The tariff increase request, linked to February’s fuel charges, came at a critical juncture, marked by a 12.2% decline in electricity demand and mounting concerns over escalating costs.

During the hearing, the Central Power Purchasing Agency-Guarantee (CPPA-G) disclosed a significant reduction in electricity consumption in February, which it attributed to a host of factors.

Nepra Member Rafiq Shaikh, while expressing apprehension about the mounting capacity payments, stressed the urgency of taking strategic measures to mitigate such expenses.

Meanwhile, officials of the National Transmission and Despatch Company (NTDC) emphasised the indispensable role of liquefied natural gas (LNG)-fuelled power plants to ensure stability of the electricity supply system.

It was informed that the growing adoption of solar energy across the nation had also left its impact on the escalating power tariffs as electricity consumption declined.

NTDC officials observed a rising trend in solar energy installations, particularly in areas like Lahore, where every other household was embracing solar energy.

The Nepra member noted the convenience of solar energy adoption for consumers but cautioned against its contribution to the escalating cost of electricity.

The hearing culminated with Nepra deferring its decision on the proposed price hike, pending further examination of the relevant data.

Nepra chairman underscored the importance of reassessing the existing tariff structure to incentivise business activities and ensure long-term sustainability of the energy sector.

CPPA-G sought an increase of Rs4.9917 per unit in electricity tariff on account of FCA for February 2024.

In a petition submitted to Nepra on behalf of DISCOs, the CPPA-G said that the reference fuel cost charged from consumers during February was Rs4.4337 per unit while the cost of energy delivered to DISCOs came in at Rs9.4254 per unit.

Consequently, it requested an increase of Rs4.9917 per unit over the reference cost.
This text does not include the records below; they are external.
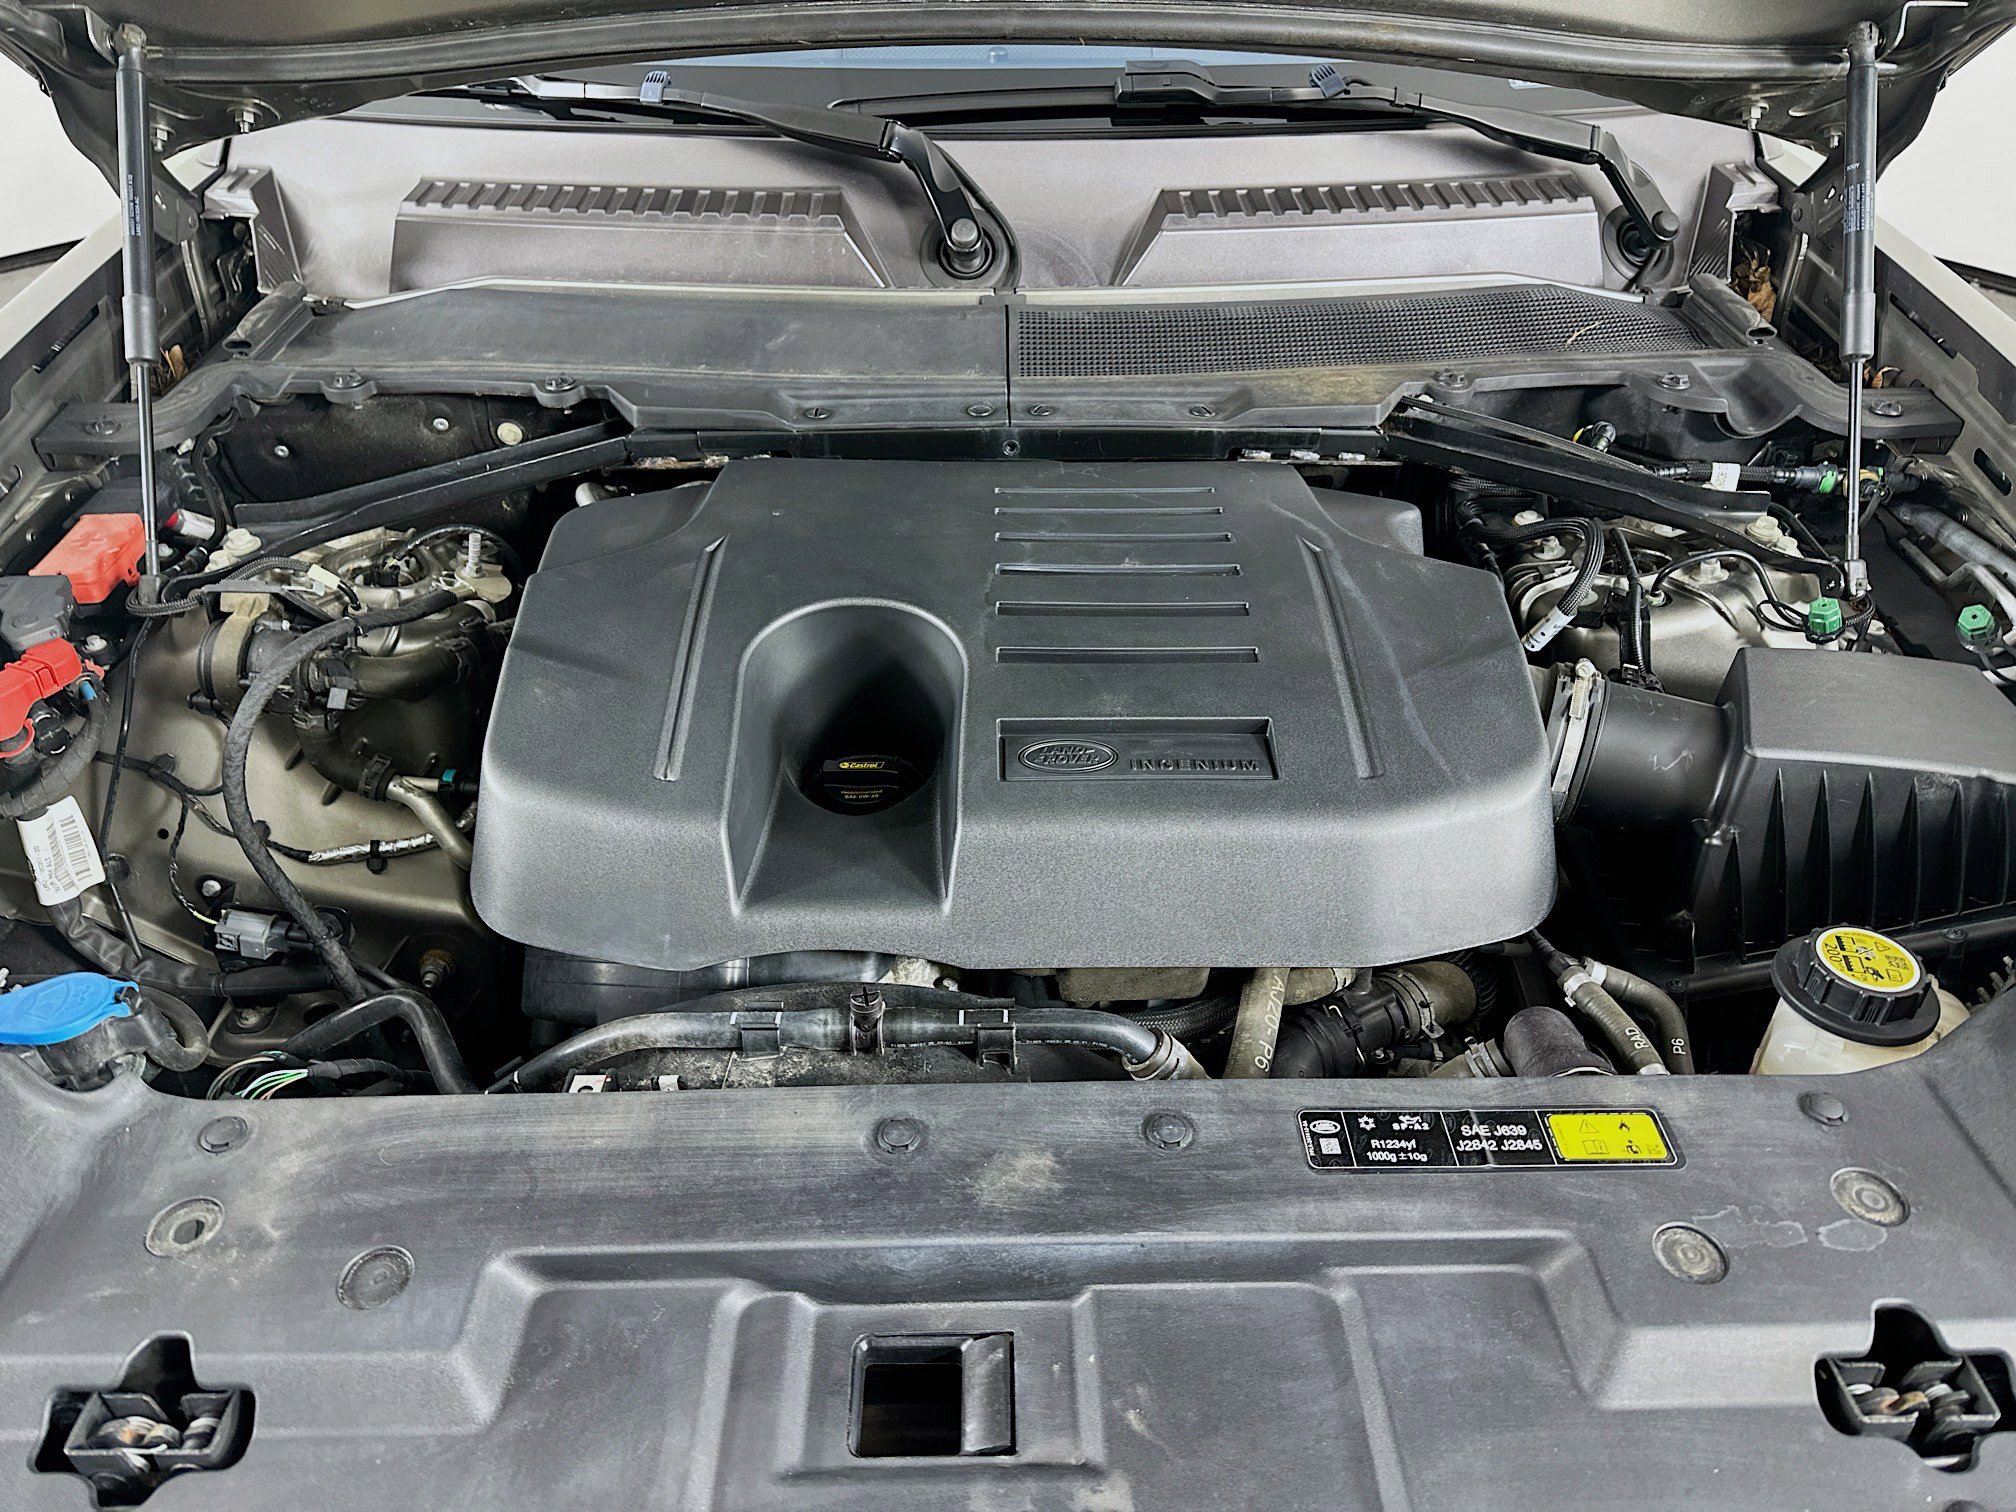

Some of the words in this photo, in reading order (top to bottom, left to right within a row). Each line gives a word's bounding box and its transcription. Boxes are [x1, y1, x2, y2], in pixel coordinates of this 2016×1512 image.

[1130, 758, 1261, 772] INGENIUM
[1824, 943, 1843, 963] 200
[1625, 1027, 1650, 1050] RAD
[1671, 1038, 1687, 1055] P6
[1460, 1124, 1492, 1137] SAE
[1493, 1124, 1528, 1136] J639
[1370, 1138, 1417, 1151] R1234yf
[1456, 1139, 1499, 1152] J2842
[1500, 1139, 1544, 1151] J2845
[1366, 1151, 1398, 1163] 1000g
The price hike request also included previous adjustments of Rs0.5484 per unit. The petition, if accepted, will burden consumers with an additional Rs40 billion (FCA plus general sales tax). Data breakdown revealed varying costs across different generation sources, ranging from Rs1.3213 per unit for nuclear power to Rs27.1968 per unit for electricity import from Iran. No electricity was generated from high-speed diesel and furnace oil during February. CPPA-G submitted that a total of 7,130 gigawatt hours (GWh) of electricity was generated in February at a cost of Rs8.6950 per unit. The total cost of energy was calculated at Rs61,996 million.
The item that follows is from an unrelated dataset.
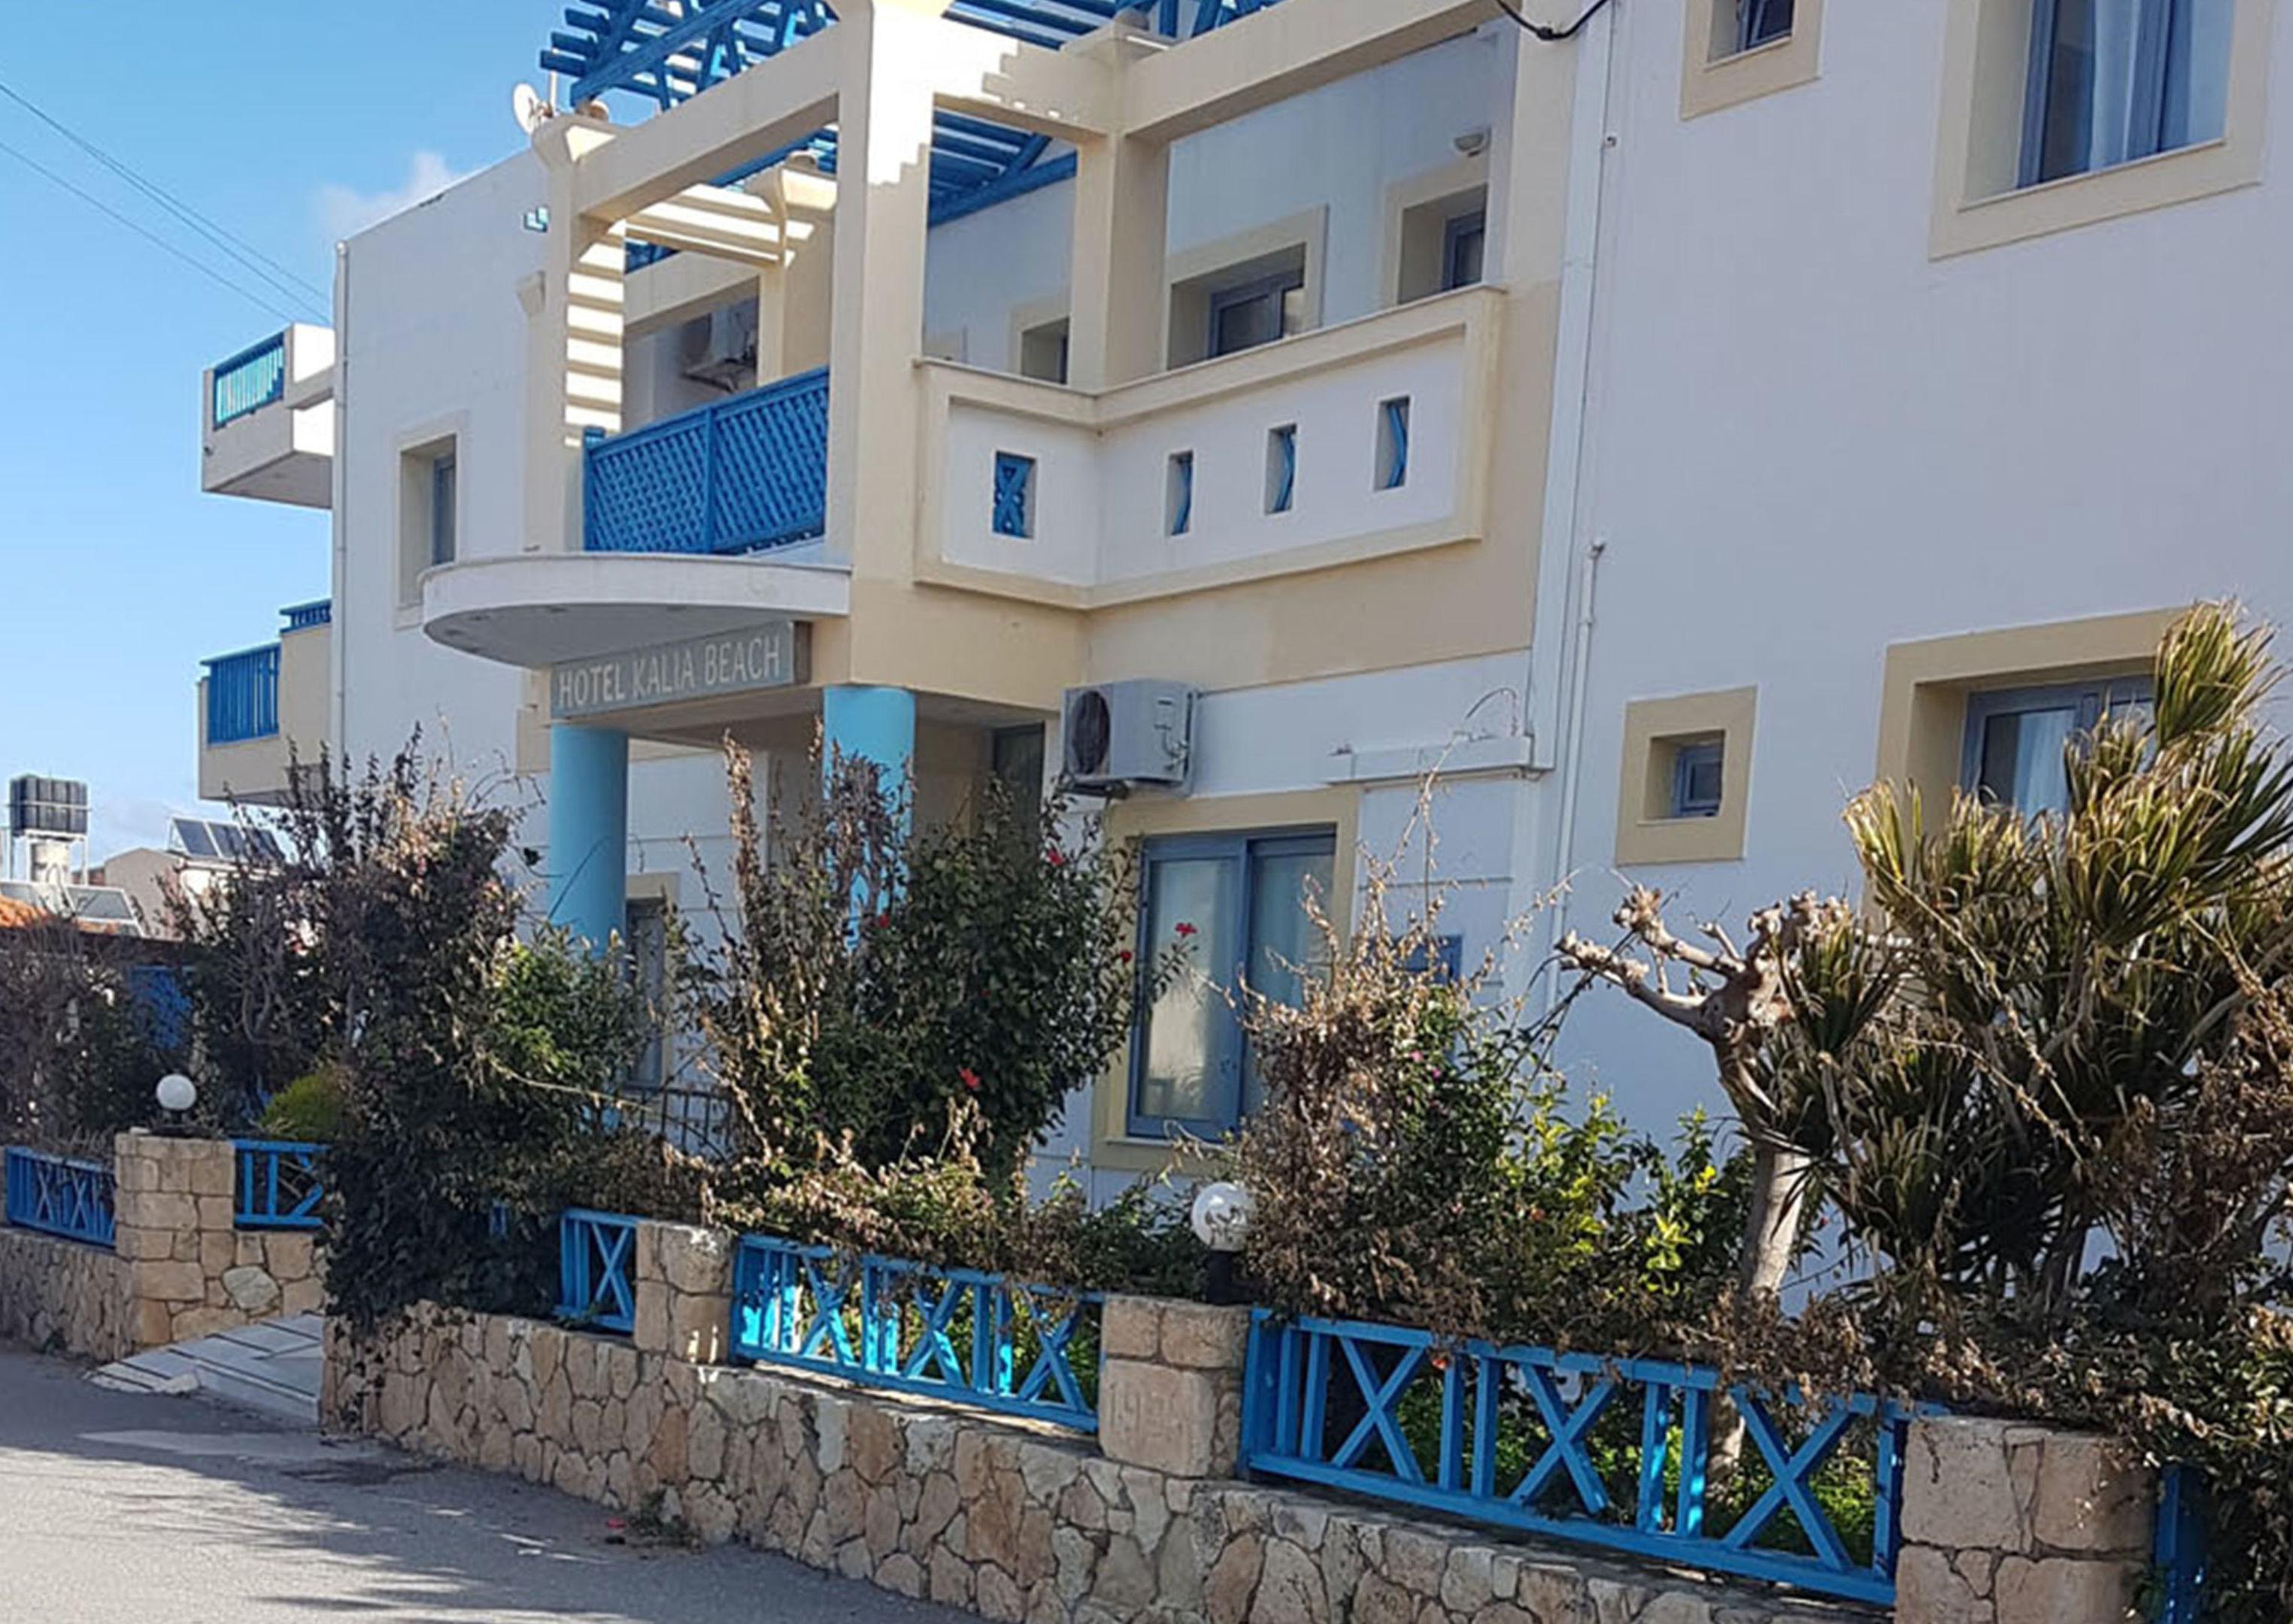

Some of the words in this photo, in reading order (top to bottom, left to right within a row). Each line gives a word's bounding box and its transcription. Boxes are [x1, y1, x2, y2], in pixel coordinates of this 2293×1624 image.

[558, 663, 625, 707] HOTEL
[633, 648, 696, 698] KALIA
[704, 637, 781, 686] BEACH
Of the total, 6,876 GWh worth Rs64,804 million was delivered to DISCOs with transmission losses of 3.53%.

Hydel power generation stood at 1,766 GWh in February, which constituted 24.77% of the total production with zero cost.

Coal-fired power plants produced 1,129 GWh (local and imported coal: 994 GWh and 135 GWh, respectively). The share of local coal was 13.94% at a cost of Rs14.1863 per unit while the share of imported coal was 1.89% at Rs20.2194 per unit.

Local gas helped produce 787 GWh (11.04%) of electricity at Rs12.3794 per unit and the imported re-gasified LNG-based plants generated 1,450 GWh, or 20.33%, at Rs24.2952 per unit.

Power generation from nuclear plants stood at 1,660 GWh, or 23.29%, at Rs1.3213 per unit while energy imports from Iran cost Rs27.1968 per unit.

Power generation from bagasse was calculated at 101 GWh in February. Bagasse contributed 1.41% of electricity to the national grid at Rs5.9822 per unit.

The electricity generated from wind resources was recorded at 108 GWh, or 1.53% of the total generation, while solar energy contributed 90 GWh, or 1.26% of the total energy mix.

Published in The Express Tribune, March 29th, 2024.